Não, não. Eu acho é que qualquer mãe gosta de ter um filho que vá para a rua jogar à bola com os outros miúdos… Mas não causava preocupação porque não era uma criança atrevida, não era um miúdo que ia para a rua arranjar problemas, estava em casa a ler e a escrever. Em princípio não causa problemas, se calhar as pessoas olhavam–me um bocado como um bicho raro, uma ave rara. Mas houve uma certa altura em que as pessoas que estavam em meu redor começaram a perceber que eu teria uma vocação ou uma tendência para aquilo e começaram a ajudar-me e a alimentar isso também. Sobretudo quando era pré-adolescente, o meu padrasto ajudou-me muito, começou a mostrar-me livros e autores, comprava-me os livros na Feira do Livro e comecei a ler literatura muito novo, aos 12 ou 13 anos dei aquele salto da banda desenhada dos livros mais infanto-juvenis – Sherlock Holmes, Júlio Verne, Agatha Christie -, e passei para a literatura muito cedo, consequência também do meio familiar que reconheceu isso. E eu, de facto, não tinha grande jeito para o desporto, não tinha grande apetência para estar com pessoas, era um miúdo socialmente um bocado inapto.
Na escola foi complicado em relação aos outros, já que não era comum para uma criança ler esse tipo de livros?
Eu não partilhava isso muito com os meus colegas, fazia a minha cena, não olhava muito para o que os outros faziam. Claro que às vezes sentia-me à parte, quando os outros miúdos gostavam de jogar futebol e eu não tinha jeito, sentia-me um bocado sozinho. Acho que esses sentimentos de solidão e de não pertencer chegaram muito depois, quando eu era miúdo não tinha muito essas ideias.
Nesse mundo interior pode entrar alguém para ajudá-lo ou faz esse trabalho sozinho?
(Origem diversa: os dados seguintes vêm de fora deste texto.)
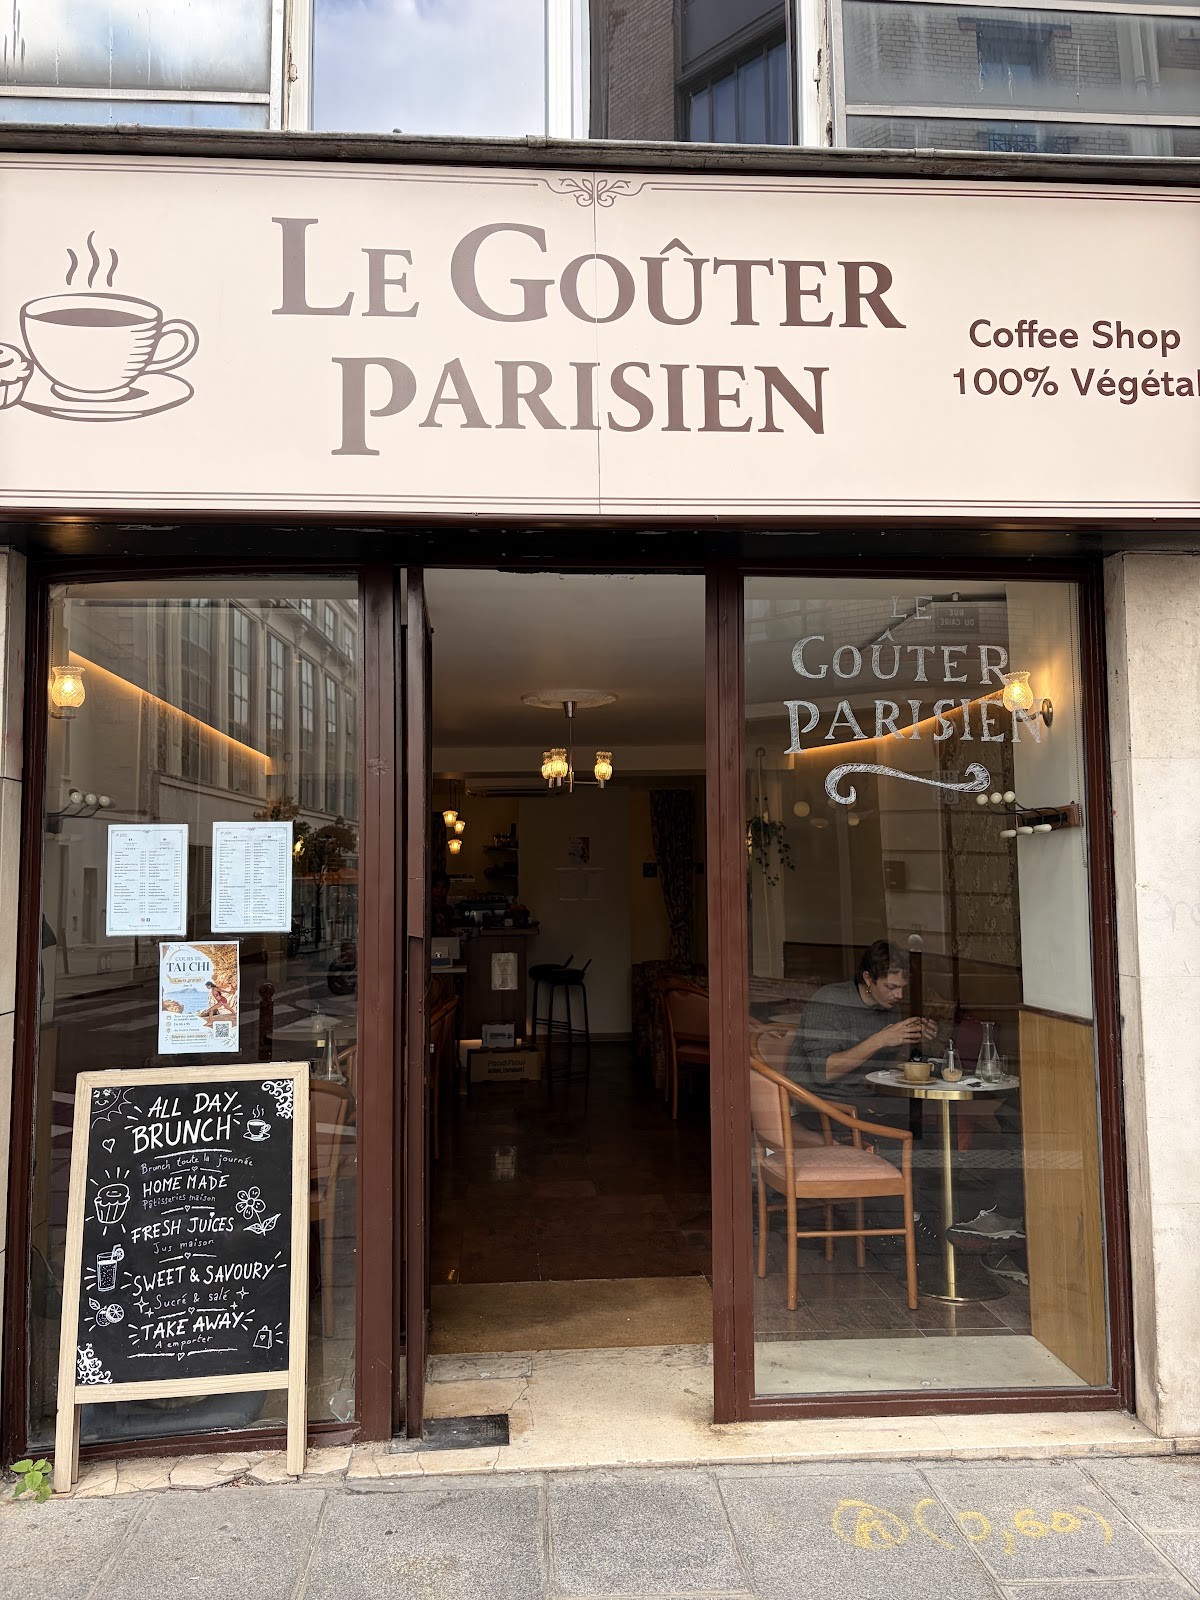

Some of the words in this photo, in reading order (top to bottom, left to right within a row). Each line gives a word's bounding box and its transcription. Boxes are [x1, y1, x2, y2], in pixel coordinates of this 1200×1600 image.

Não, claro que há imensa gente que me pode ajudar. Um dos meus grandes desafios e de todas as pessoas que têm profissões mais solitárias é procurar os outros e, ao longa da vida, fui tendo desafios pessoais e profissionais que me obrigaram de certa maneira a sair de mim e do meu mundo e a vir cá fora. Essa ideia de solidão ou de isolamento de um escritor é muito enganadora. Eu estou sozinho quando escrevo mas quando não escrevo preciso de pessoas, preciso de convívio social e de outras coisas que não estejam relacionadas com a escrita. Sei o que é passar muito tempo obcecado com a escrita e isso é um processo que não me conduz a um lugar feliz.
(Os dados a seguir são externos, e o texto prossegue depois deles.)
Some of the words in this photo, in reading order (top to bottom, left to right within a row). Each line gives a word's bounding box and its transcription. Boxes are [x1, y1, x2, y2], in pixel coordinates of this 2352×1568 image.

Quando se escreve é preciso mais disciplina ou inspiração?
A mim a inspiração quase nunca me sucede, às vezes surge uma situação que acho que possa ser engraçada de desenvolver numa narrativa mas, como a própria palavra diz, inspiração segue-se a expiração, ou seja, uma pessoa largar aquilo que inspirou. Escrever é uma questão de trabalho e não de ficarmos à espera que aconteça qualquer coisa. Normalmente as melhores ideias e as melhores situações acontecem quando estamos a trabalhar.
A criatividade aprende-se e ensina-se ou é necessário um certo dom a que se dá seguimento? Dá cursos de escrita criativa…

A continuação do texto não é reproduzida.